Category Archives: Scripture

The Freedom of a Restrained Life

It turns out I am a week ahead on my blog for the weekly parsha, so last’s week post, Mattos-Masei, will be read this coming Sabbath. Rather than skipping a week, I decided to address the topic that I am asked about most frequently in my work as a chaplain: How can you live like this?The Freedom of a Restrained Life

Generally, the person is questioning how and/or why I do the following:

  1. Deal with all the food rules (keeping kosher).
  2. Pray all the time (three times a day).
  3. Do not watch television or drive on Friday nights and Saturdays (Sabbath observant).

Conceptually each of these is a mitzvah, a practice G-d has instituted through which I can create a relationship with Him. A simple metaphor is when, as a child, your mother asked you to make your bed. You had two choices:

  1. Make your bed, thereby demonstrating to your mother that you care about her.
  2. Neglect or refuse to make your bed, thereby demonstrating a lack of concern for her.

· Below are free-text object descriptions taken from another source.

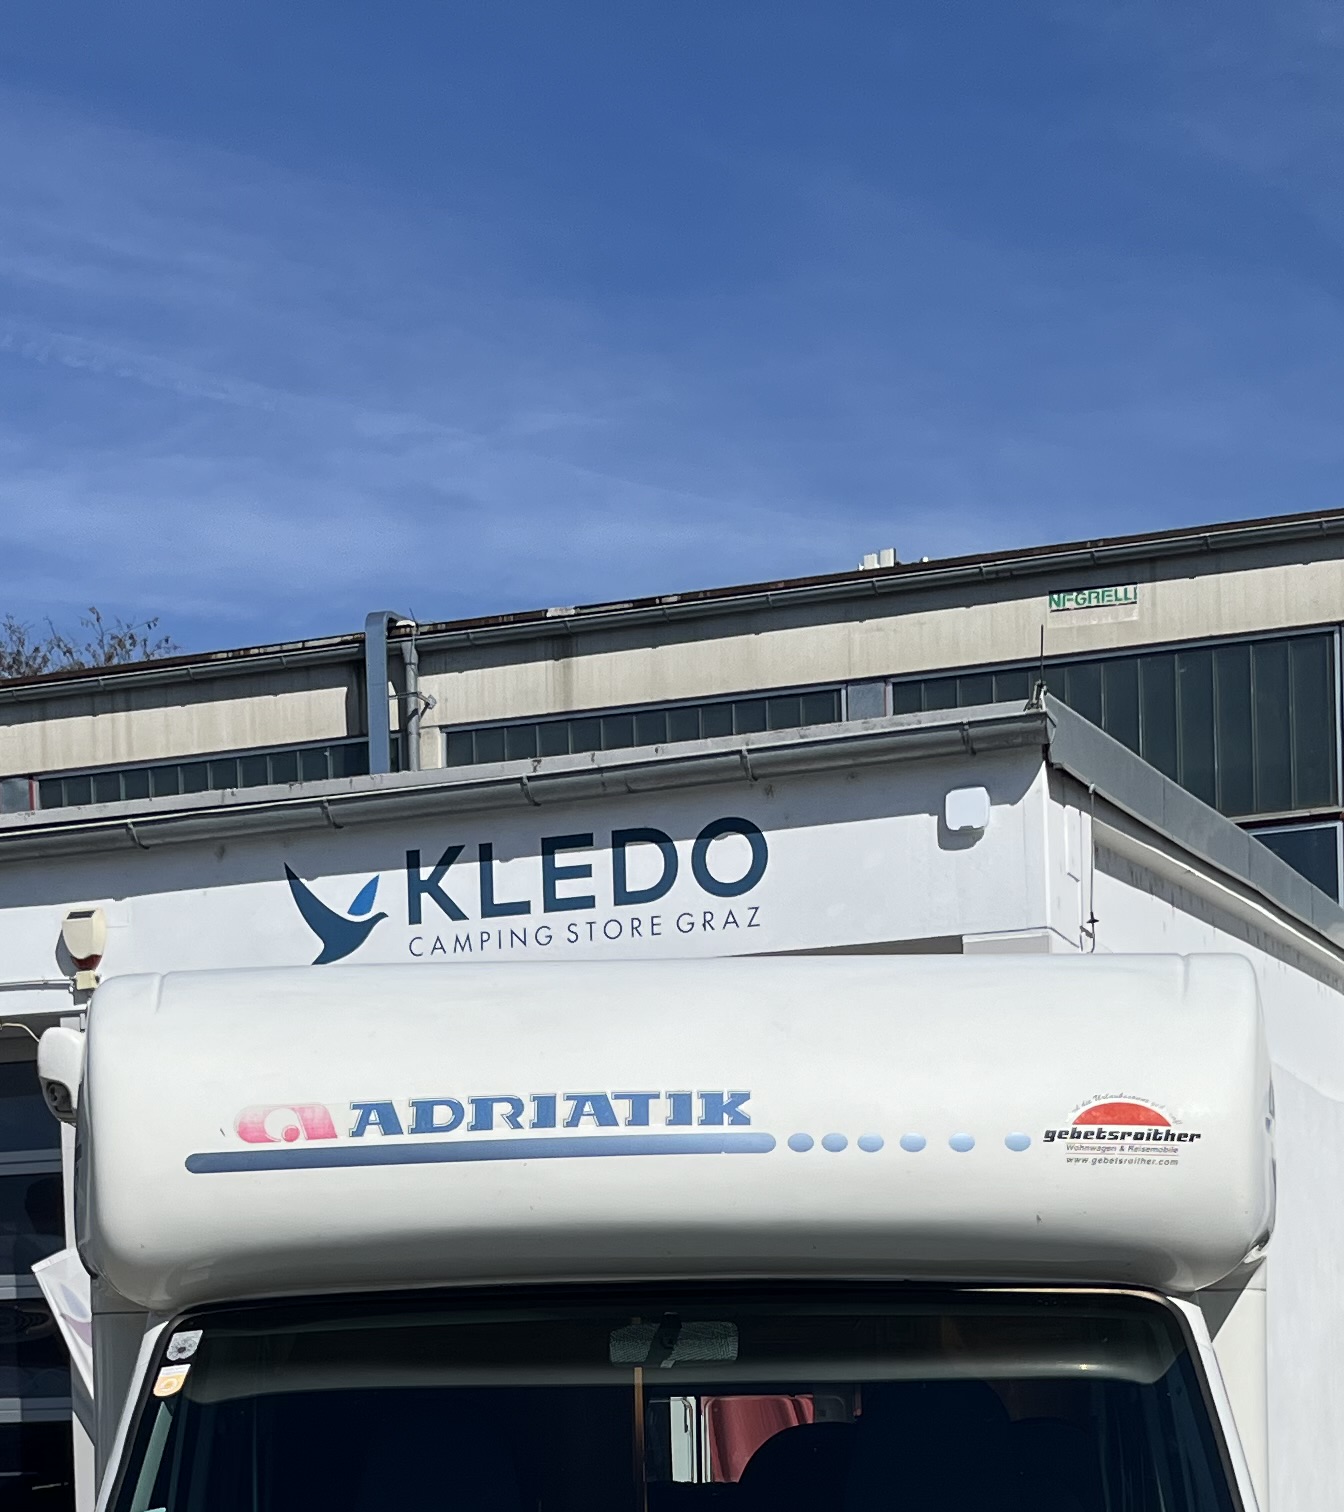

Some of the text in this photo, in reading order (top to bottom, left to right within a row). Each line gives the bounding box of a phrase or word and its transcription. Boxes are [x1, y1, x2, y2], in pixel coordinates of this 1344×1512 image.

[406, 816, 768, 925] KLEDO
[408, 906, 762, 958] CAMPING STORE GRAZ
[349, 1090, 752, 1138] ADRIATIK
[1043, 1127, 1201, 1143] gebetsroither
[1066, 1144, 1116, 1153] Wohnwagen
[1128, 1145, 1178, 1154] Reisemobile
[1066, 1157, 1178, 1166] www.gebetsroither.com
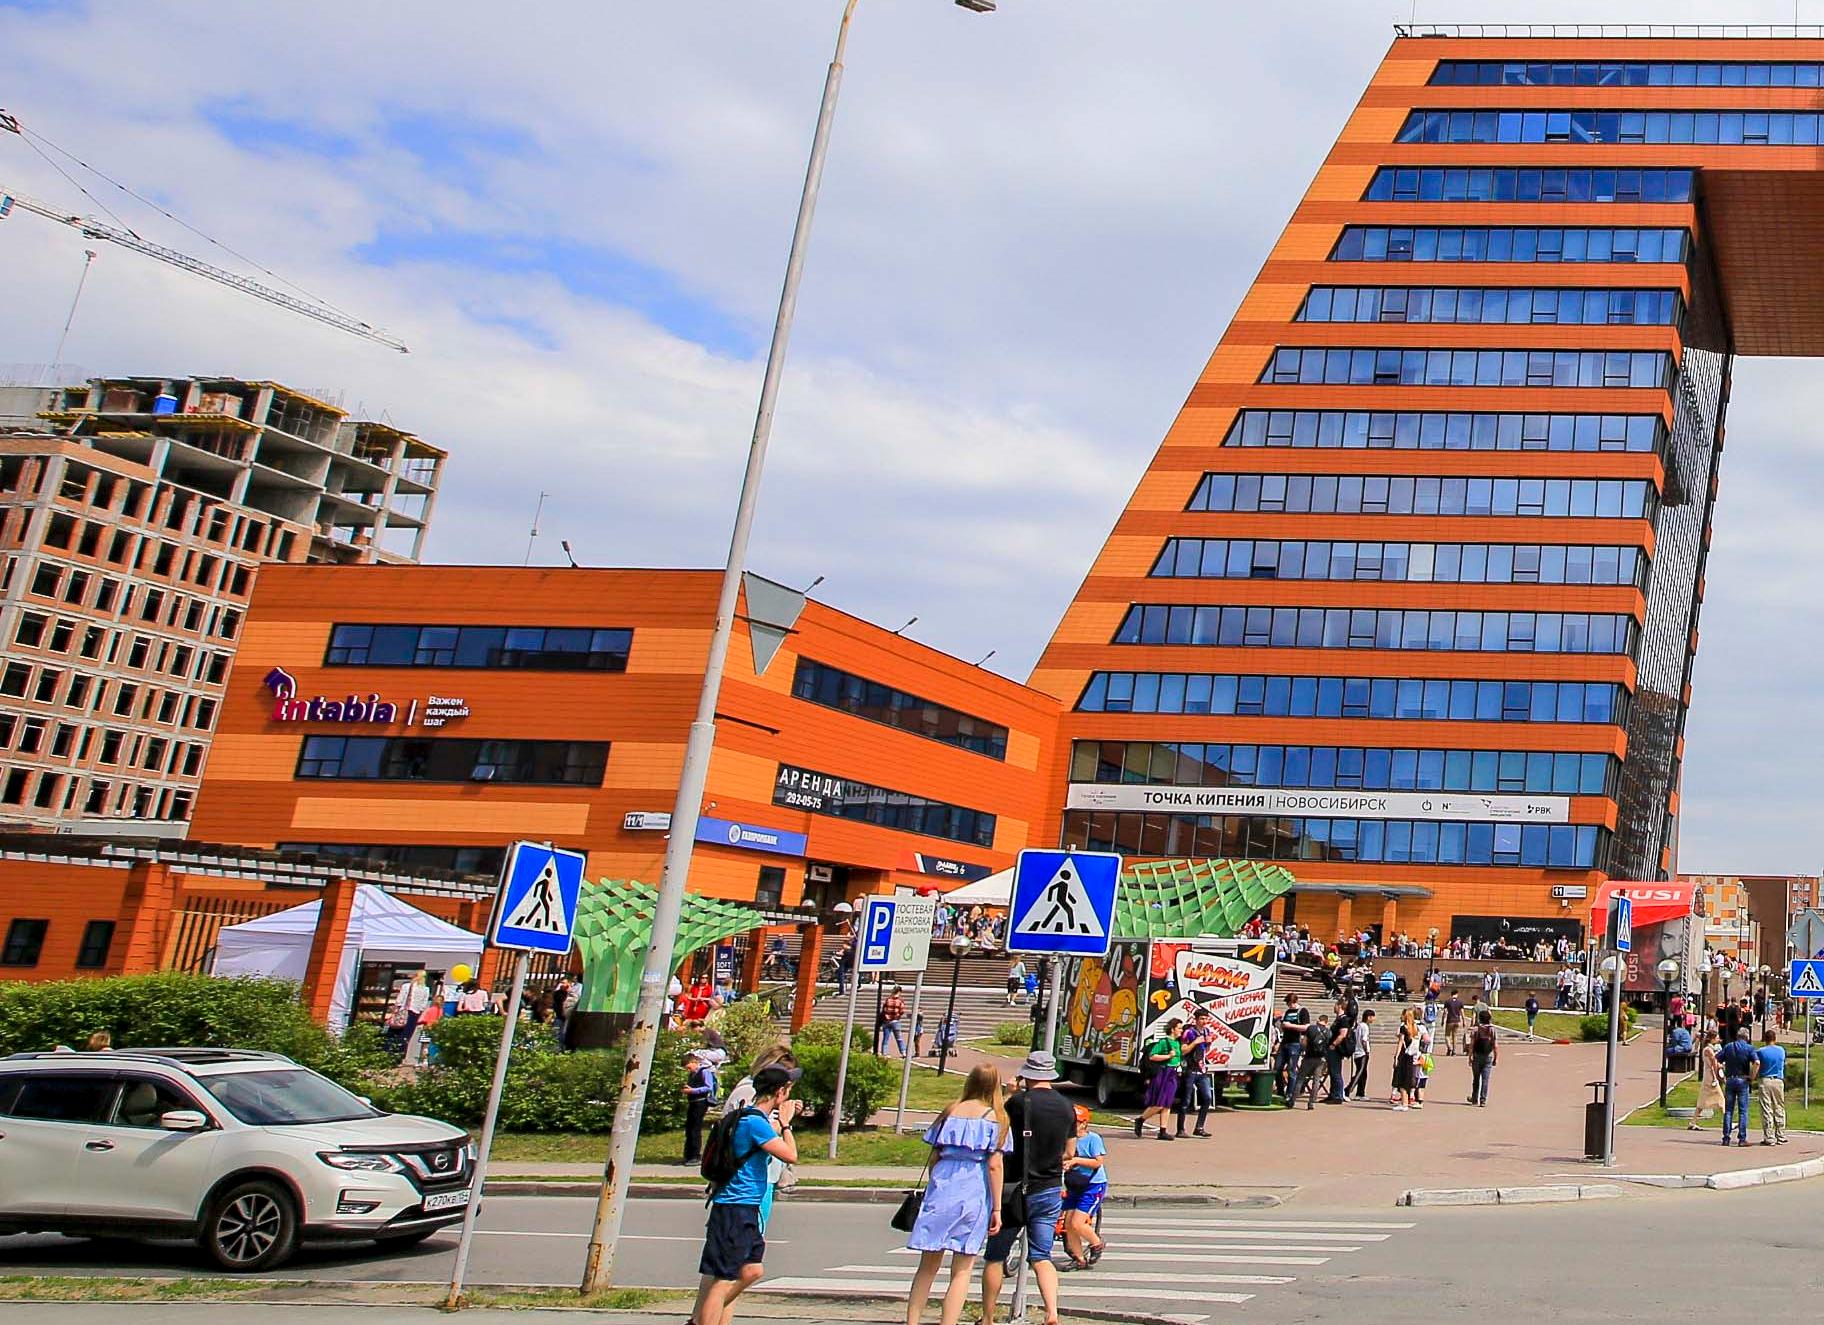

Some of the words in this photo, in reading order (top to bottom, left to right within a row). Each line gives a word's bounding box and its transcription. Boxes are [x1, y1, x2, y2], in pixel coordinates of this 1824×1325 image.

[272, 690, 397, 723] intabia
[428, 696, 463, 706] Важен
[426, 706, 469, 717] каждый
[423, 718, 445, 727] шаг
[779, 768, 842, 797] АРЕНДА
[786, 791, 822, 810] 292-05-75
[1144, 792, 1192, 805] ТОЧКА
[1196, 793, 1265, 807] КИПЕНИЯ
[1276, 796, 1386, 811] НОВОСИБИРСК
[625, 815, 644, 826] 11/1
[1554, 887, 1563, 895] 11
[897, 904, 933, 914] ГОСТЕВАЯ
[895, 916, 930, 926] ПАРКОВКА
[1628, 953, 1639, 982] GUSI
[1225, 1005, 1266, 1020] КЛАССИКА
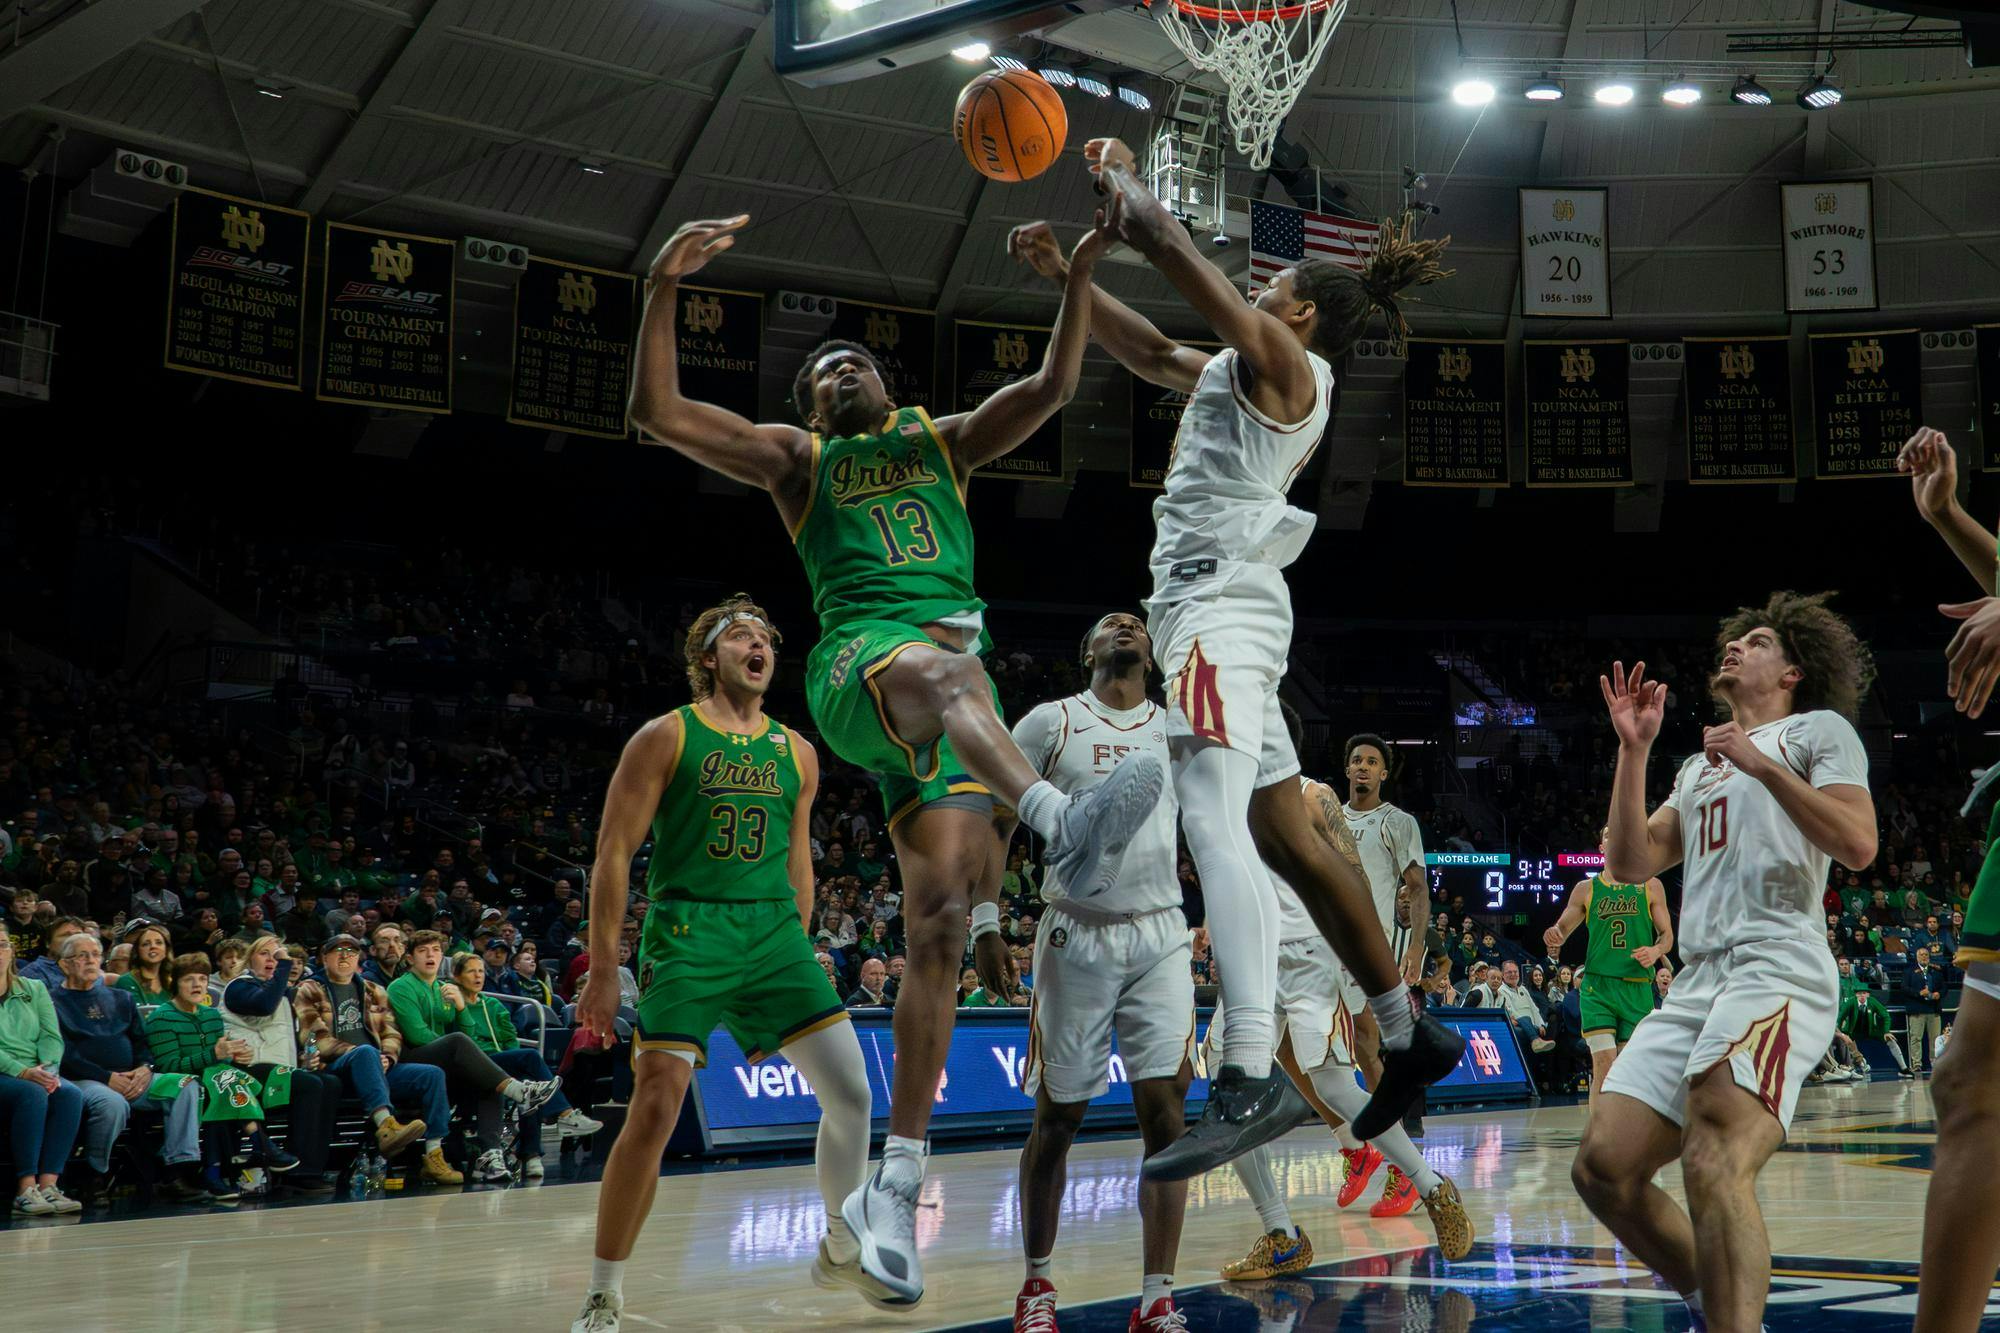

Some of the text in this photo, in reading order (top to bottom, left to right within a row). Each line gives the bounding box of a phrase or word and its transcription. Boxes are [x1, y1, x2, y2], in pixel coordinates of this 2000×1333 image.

[1527, 231, 1601, 247] HAWKINS
[1791, 224, 1866, 240] WHITMORE
[1549, 256, 1581, 282] 20
[1813, 249, 1845, 275] 53
[180, 272, 244, 299] REGULAR
[247, 286, 297, 308] SEASON
[1541, 293, 1561, 302] 1956
[1836, 286, 1858, 296] 1969
[201, 293, 276, 320] CHAMPION
[330, 308, 445, 334] TOURNAMENT
[553, 315, 598, 335] NCAA
[344, 325, 432, 347] CHAMPION
[521, 326, 629, 355] TOURNAMENT
[681, 337, 727, 353] NCAA
[175, 345, 295, 379] WOMEN'S VOLLEYBALL
[326, 378, 445, 403] WOMEN'S VOLLEYBALL
[1435, 387, 1476, 398] NCAA
[1558, 387, 1600, 398] NCAA
[1719, 384, 1760, 395] NCAA
[1845, 379, 1889, 392] NCAA
[1704, 398, 1776, 409] SWEET 16
[1834, 391, 1888, 405] ELITE
[1409, 400, 1502, 413] TOURNAMENT
[1531, 401, 1624, 413] TOURNAMENT
[1828, 408, 1911, 424] 1953 1954
[1828, 426, 1861, 440] 1958
[1829, 440, 1902, 456] 1979 201
[995, 458, 1052, 472] BASKETBALL
[1416, 466, 1498, 479] MEN'S BASKETBALL
[1537, 466, 1624, 479] MEN'S BASKETBALL
[1700, 464, 1785, 476] MEN'S BASKETBALL
[1827, 459, 1856, 472] MEN'S
[831, 448, 938, 500] Irish
[870, 499, 940, 567] 13
[699, 750, 783, 794] Irish
[707, 803, 768, 862] 33
[1698, 796, 1728, 857] 10
[1437, 855, 1499, 864] NOTRE DAME
[1518, 860, 1552, 879] 9:12
[1485, 871, 1504, 907] 9
[1536, 892, 1540, 904] 1
[1597, 895, 1640, 918] Irish
[1611, 919, 1627, 949] 2

(Of course, the third option is to exhibit early onset OCD and make your bed, though your mom did not ask, because you have to have a neat room.)

The first behavior enhances your relationship with your mother. The second does not. Similarly with G-d and mitzvahs. You have free will. You can choose to strengthen your relationship with the Creator by following them or weaken it by not doing so.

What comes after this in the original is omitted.